**DIRECTIONS:**
All of the data below is to be output without alteration.

[Collected data entries]
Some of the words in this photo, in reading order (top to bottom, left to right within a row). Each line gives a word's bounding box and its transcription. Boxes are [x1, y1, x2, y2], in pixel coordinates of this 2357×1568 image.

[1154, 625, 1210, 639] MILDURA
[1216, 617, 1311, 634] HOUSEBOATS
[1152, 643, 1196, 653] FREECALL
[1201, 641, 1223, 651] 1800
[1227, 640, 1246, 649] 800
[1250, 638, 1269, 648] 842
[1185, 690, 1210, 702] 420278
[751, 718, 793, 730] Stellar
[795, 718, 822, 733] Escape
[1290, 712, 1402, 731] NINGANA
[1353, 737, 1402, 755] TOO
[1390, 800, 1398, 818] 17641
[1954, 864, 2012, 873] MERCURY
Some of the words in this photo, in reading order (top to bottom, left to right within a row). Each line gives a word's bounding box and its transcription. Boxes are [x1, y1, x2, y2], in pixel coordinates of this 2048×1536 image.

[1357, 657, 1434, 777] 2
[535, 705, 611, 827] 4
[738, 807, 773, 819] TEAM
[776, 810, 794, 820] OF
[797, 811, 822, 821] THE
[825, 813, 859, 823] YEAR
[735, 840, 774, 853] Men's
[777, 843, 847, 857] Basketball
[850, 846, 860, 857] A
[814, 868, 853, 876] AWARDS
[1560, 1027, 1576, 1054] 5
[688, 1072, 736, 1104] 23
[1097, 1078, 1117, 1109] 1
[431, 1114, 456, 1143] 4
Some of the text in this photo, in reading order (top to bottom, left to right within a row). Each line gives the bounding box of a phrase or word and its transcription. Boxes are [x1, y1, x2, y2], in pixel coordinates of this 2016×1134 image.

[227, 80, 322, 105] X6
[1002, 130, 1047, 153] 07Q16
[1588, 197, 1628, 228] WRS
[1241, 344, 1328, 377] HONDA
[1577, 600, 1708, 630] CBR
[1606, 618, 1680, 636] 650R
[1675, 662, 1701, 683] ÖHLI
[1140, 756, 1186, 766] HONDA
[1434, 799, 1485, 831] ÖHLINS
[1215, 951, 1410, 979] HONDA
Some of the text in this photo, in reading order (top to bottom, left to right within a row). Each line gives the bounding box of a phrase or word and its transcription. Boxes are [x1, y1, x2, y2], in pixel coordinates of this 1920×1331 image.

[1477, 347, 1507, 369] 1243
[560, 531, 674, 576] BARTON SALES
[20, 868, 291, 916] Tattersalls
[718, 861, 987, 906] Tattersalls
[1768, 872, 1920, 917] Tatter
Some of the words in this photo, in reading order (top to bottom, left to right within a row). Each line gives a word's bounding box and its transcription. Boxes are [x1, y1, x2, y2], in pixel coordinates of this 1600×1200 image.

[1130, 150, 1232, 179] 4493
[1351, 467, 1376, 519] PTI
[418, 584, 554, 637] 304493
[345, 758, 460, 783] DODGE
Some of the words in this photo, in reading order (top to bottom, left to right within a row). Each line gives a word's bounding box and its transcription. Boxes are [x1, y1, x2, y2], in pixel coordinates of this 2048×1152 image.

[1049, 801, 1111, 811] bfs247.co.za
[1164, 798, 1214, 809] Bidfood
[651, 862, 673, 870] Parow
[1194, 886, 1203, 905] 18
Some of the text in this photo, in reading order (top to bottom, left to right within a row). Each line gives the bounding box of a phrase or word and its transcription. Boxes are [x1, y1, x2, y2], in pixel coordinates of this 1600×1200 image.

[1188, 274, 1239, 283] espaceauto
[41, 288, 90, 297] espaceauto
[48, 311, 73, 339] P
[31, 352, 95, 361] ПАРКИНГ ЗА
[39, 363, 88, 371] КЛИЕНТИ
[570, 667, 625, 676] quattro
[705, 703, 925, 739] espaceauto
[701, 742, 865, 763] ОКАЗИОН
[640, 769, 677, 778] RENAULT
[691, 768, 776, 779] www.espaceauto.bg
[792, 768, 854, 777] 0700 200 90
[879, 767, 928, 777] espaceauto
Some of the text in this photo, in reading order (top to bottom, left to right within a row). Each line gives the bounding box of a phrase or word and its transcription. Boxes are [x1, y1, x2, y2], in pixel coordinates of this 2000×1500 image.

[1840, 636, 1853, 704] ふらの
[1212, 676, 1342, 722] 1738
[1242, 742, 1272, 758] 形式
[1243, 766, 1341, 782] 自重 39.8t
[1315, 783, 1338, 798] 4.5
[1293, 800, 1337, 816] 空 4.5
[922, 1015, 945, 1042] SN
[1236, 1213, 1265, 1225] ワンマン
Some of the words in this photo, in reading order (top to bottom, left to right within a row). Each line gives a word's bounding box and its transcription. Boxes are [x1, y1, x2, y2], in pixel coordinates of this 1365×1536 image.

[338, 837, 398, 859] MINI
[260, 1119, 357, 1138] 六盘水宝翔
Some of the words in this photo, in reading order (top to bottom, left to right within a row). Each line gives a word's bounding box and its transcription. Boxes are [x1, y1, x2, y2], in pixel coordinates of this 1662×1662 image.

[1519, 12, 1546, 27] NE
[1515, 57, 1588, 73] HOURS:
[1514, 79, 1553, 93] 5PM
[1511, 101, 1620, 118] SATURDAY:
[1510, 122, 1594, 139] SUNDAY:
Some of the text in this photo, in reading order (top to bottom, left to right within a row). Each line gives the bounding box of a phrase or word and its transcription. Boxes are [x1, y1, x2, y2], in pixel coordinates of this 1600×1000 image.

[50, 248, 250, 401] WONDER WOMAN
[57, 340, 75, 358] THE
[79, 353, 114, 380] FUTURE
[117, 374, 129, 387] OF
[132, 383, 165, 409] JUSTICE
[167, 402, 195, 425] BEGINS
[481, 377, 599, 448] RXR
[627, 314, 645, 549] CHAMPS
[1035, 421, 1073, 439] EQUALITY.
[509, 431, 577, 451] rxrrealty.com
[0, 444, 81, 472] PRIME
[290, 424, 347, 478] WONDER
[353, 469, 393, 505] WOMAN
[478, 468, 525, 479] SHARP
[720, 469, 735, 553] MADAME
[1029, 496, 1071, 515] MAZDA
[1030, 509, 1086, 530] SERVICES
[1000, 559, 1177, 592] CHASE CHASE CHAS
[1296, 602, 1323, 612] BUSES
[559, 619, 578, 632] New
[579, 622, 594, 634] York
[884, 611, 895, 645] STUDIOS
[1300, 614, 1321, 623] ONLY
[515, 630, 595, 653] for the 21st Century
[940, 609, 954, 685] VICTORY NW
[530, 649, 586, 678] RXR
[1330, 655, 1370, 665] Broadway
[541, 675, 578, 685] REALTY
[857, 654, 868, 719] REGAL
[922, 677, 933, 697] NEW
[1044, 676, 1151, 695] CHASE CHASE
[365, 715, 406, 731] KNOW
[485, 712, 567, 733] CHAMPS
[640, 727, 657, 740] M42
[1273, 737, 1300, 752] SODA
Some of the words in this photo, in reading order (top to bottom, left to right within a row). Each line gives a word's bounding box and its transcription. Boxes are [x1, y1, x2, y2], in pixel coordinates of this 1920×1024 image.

**ANSWER TO THE PROBLEM:**
Some of the words in this photo, in reading order (top to bottom, left to right within a row). Each line gives a word's bounding box and its transcription. Boxes are [x1, y1, x2, y2], in pixel coordinates of this 2357×1568 image.

[1154, 625, 1210, 639] MILDURA
[1216, 617, 1311, 634] HOUSEBOATS
[1152, 643, 1196, 653] FREECALL
[1201, 641, 1223, 651] 1800
[1227, 640, 1246, 649] 800
[1250, 638, 1269, 648] 842
[1185, 690, 1210, 702] 420278
[751, 718, 793, 730] Stellar
[795, 718, 822, 733] Escape
[1290, 712, 1402, 731] NINGANA
[1353, 737, 1402, 755] TOO
[1390, 800, 1398, 818] 17641
[1954, 864, 2012, 873] MERCURY
Some of the words in this photo, in reading order (top to bottom, left to right within a row). Each line gives a word's bounding box and its transcription. Boxes are [x1, y1, x2, y2], in pixel coordinates of this 2048×1536 image.

[1357, 657, 1434, 777] 2
[535, 705, 611, 827] 4
[738, 807, 773, 819] TEAM
[776, 810, 794, 820] OF
[797, 811, 822, 821] THE
[825, 813, 859, 823] YEAR
[735, 840, 774, 853] Men's
[777, 843, 847, 857] Basketball
[850, 846, 860, 857] A
[814, 868, 853, 876] AWARDS
[1560, 1027, 1576, 1054] 5
[688, 1072, 736, 1104] 23
[1097, 1078, 1117, 1109] 1
[431, 1114, 456, 1143] 4
Some of the text in this photo, in reading order (top to bottom, left to right within a row). Each line gives the bounding box of a phrase or word and its transcription. Boxes are [x1, y1, x2, y2], in pixel coordinates of this 2016×1134 image.

[227, 80, 322, 105] X6
[1002, 130, 1047, 153] 07Q16
[1588, 197, 1628, 228] WRS
[1241, 344, 1328, 377] HONDA
[1577, 600, 1708, 630] CBR
[1606, 618, 1680, 636] 650R
[1675, 662, 1701, 683] ÖHLI
[1140, 756, 1186, 766] HONDA
[1434, 799, 1485, 831] ÖHLINS
[1215, 951, 1410, 979] HONDA
Some of the text in this photo, in reading order (top to bottom, left to right within a row). Each line gives the bounding box of a phrase or word and its transcription. Boxes are [x1, y1, x2, y2], in pixel coordinates of this 1920×1331 image.

[1477, 347, 1507, 369] 1243
[560, 531, 674, 576] BARTON SALES
[20, 868, 291, 916] Tattersalls
[718, 861, 987, 906] Tattersalls
[1768, 872, 1920, 917] Tatter
Some of the words in this photo, in reading order (top to bottom, left to right within a row). Each line gives a word's bounding box and its transcription. Boxes are [x1, y1, x2, y2], in pixel coordinates of this 1600×1200 image.

[1130, 150, 1232, 179] 4493
[1351, 467, 1376, 519] PTI
[418, 584, 554, 637] 304493
[345, 758, 460, 783] DODGE
Some of the words in this photo, in reading order (top to bottom, left to right within a row). Each line gives a word's bounding box and its transcription. Boxes are [x1, y1, x2, y2], in pixel coordinates of this 2048×1152 image.

[1049, 801, 1111, 811] bfs247.co.za
[1164, 798, 1214, 809] Bidfood
[651, 862, 673, 870] Parow
[1194, 886, 1203, 905] 18
Some of the text in this photo, in reading order (top to bottom, left to right within a row). Each line gives the bounding box of a phrase or word and its transcription. Boxes are [x1, y1, x2, y2], in pixel coordinates of this 1600×1200 image.

[1188, 274, 1239, 283] espaceauto
[41, 288, 90, 297] espaceauto
[48, 311, 73, 339] P
[31, 352, 95, 361] ПАРКИНГ ЗА
[39, 363, 88, 371] КЛИЕНТИ
[570, 667, 625, 676] quattro
[705, 703, 925, 739] espaceauto
[701, 742, 865, 763] ОКАЗИОН
[640, 769, 677, 778] RENAULT
[691, 768, 776, 779] www.espaceauto.bg
[792, 768, 854, 777] 0700 200 90
[879, 767, 928, 777] espaceauto
Some of the text in this photo, in reading order (top to bottom, left to right within a row). Each line gives the bounding box of a phrase or word and its transcription. Boxes are [x1, y1, x2, y2], in pixel coordinates of this 2000×1500 image.

[1840, 636, 1853, 704] ふらの
[1212, 676, 1342, 722] 1738
[1242, 742, 1272, 758] 形式
[1243, 766, 1341, 782] 自重 39.8t
[1315, 783, 1338, 798] 4.5
[1293, 800, 1337, 816] 空 4.5
[922, 1015, 945, 1042] SN
[1236, 1213, 1265, 1225] ワンマン
Some of the words in this photo, in reading order (top to bottom, left to right within a row). Each line gives a word's bounding box and its transcription. Boxes are [x1, y1, x2, y2], in pixel coordinates of this 1365×1536 image.

[338, 837, 398, 859] MINI
[260, 1119, 357, 1138] 六盘水宝翔
Some of the words in this photo, in reading order (top to bottom, left to right within a row). Each line gives a word's bounding box and its transcription. Boxes are [x1, y1, x2, y2], in pixel coordinates of this 1662×1662 image.

[1519, 12, 1546, 27] NE
[1515, 57, 1588, 73] HOURS:
[1514, 79, 1553, 93] 5PM
[1511, 101, 1620, 118] SATURDAY:
[1510, 122, 1594, 139] SUNDAY:
Some of the text in this photo, in reading order (top to bottom, left to right within a row). Each line gives the bounding box of a phrase or word and its transcription. Boxes are [x1, y1, x2, y2], in pixel coordinates of this 1600×1000 image.

[50, 248, 250, 401] WONDER WOMAN
[57, 340, 75, 358] THE
[79, 353, 114, 380] FUTURE
[117, 374, 129, 387] OF
[132, 383, 165, 409] JUSTICE
[167, 402, 195, 425] BEGINS
[481, 377, 599, 448] RXR
[627, 314, 645, 549] CHAMPS
[1035, 421, 1073, 439] EQUALITY.
[509, 431, 577, 451] rxrrealty.com
[0, 444, 81, 472] PRIME
[290, 424, 347, 478] WONDER
[353, 469, 393, 505] WOMAN
[478, 468, 525, 479] SHARP
[720, 469, 735, 553] MADAME
[1029, 496, 1071, 515] MAZDA
[1030, 509, 1086, 530] SERVICES
[1000, 559, 1177, 592] CHASE CHASE CHAS
[1296, 602, 1323, 612] BUSES
[559, 619, 578, 632] New
[579, 622, 594, 634] York
[884, 611, 895, 645] STUDIOS
[1300, 614, 1321, 623] ONLY
[515, 630, 595, 653] for the 21st Century
[940, 609, 954, 685] VICTORY NW
[530, 649, 586, 678] RXR
[1330, 655, 1370, 665] Broadway
[541, 675, 578, 685] REALTY
[857, 654, 868, 719] REGAL
[922, 677, 933, 697] NEW
[1044, 676, 1151, 695] CHASE CHASE
[365, 715, 406, 731] KNOW
[485, 712, 567, 733] CHAMPS
[640, 727, 657, 740] M42
[1273, 737, 1300, 752] SODA
Some of the words in this photo, in reading order (top to bottom, left to right within a row). Each line gives a word's bounding box and its transcription. Boxes are [x1, y1, x2, y2], in pixel coordinates of this 1920×1024 image.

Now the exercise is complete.